I think you've got it backwards: With overcommit, there is no memory reservation. The forked processes gets an exact copy of the other's page table, but with all writable memory marked as copy-on-write instead. The kernel might well be tallying these up to some number, but nothing important happens with it.

Only without overcommit does the kernel does need to start accounting for hypothetically-writable memory before it actually is written to.

reisse · on April 5, 2023

Yes, you're right here, that was what I wanted to say but probably was not able to formulate.

enedil · on April 5, 2023

In a sense it does. Page tables would need to be copied.

jacquesm · on April 5, 2023

Yes, but they all point to the same pages. The tables take up a small fraction of the memory of the pages themselves.

enedil · on April 5, 2023

But large fraction, if all you do afterwards is an exec call. Given 8 bytes per page table entry and 4k pages, it's 1/512 memory wasted. So if your process uses 8GB, it's 16MB. Still takes noticeable time if you spawn often.

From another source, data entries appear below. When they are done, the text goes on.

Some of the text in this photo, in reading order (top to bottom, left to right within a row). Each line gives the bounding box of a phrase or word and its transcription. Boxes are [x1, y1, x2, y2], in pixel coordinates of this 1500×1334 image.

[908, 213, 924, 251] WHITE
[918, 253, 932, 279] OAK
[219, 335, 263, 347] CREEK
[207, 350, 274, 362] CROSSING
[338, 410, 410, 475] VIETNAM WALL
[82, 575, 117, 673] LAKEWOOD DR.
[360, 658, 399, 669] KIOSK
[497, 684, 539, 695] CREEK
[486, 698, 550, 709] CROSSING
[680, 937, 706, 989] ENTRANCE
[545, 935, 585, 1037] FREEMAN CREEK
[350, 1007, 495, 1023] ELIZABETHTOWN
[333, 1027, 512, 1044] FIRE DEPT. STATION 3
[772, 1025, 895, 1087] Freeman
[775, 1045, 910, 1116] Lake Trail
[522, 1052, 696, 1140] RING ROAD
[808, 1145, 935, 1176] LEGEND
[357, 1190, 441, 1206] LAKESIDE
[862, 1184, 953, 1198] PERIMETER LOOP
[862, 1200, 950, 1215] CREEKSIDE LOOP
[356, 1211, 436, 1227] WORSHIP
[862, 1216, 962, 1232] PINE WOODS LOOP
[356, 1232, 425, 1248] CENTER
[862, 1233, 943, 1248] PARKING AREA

jacquesm · on April 5, 2023

I've never had the page tables be the cause of out of memory issues. Besides the fact that they are usually pre-allocated to avoid recursive page faults, but nothing would stop you from making the page tables themselves also copy-on-write during a fork.

lxgr · on April 5, 2023

Aren't page tables nested? I don't know if any OS or hardware architecture actually supports it, but I could imagine the parent-level page table being virtual and copy-on-write itself.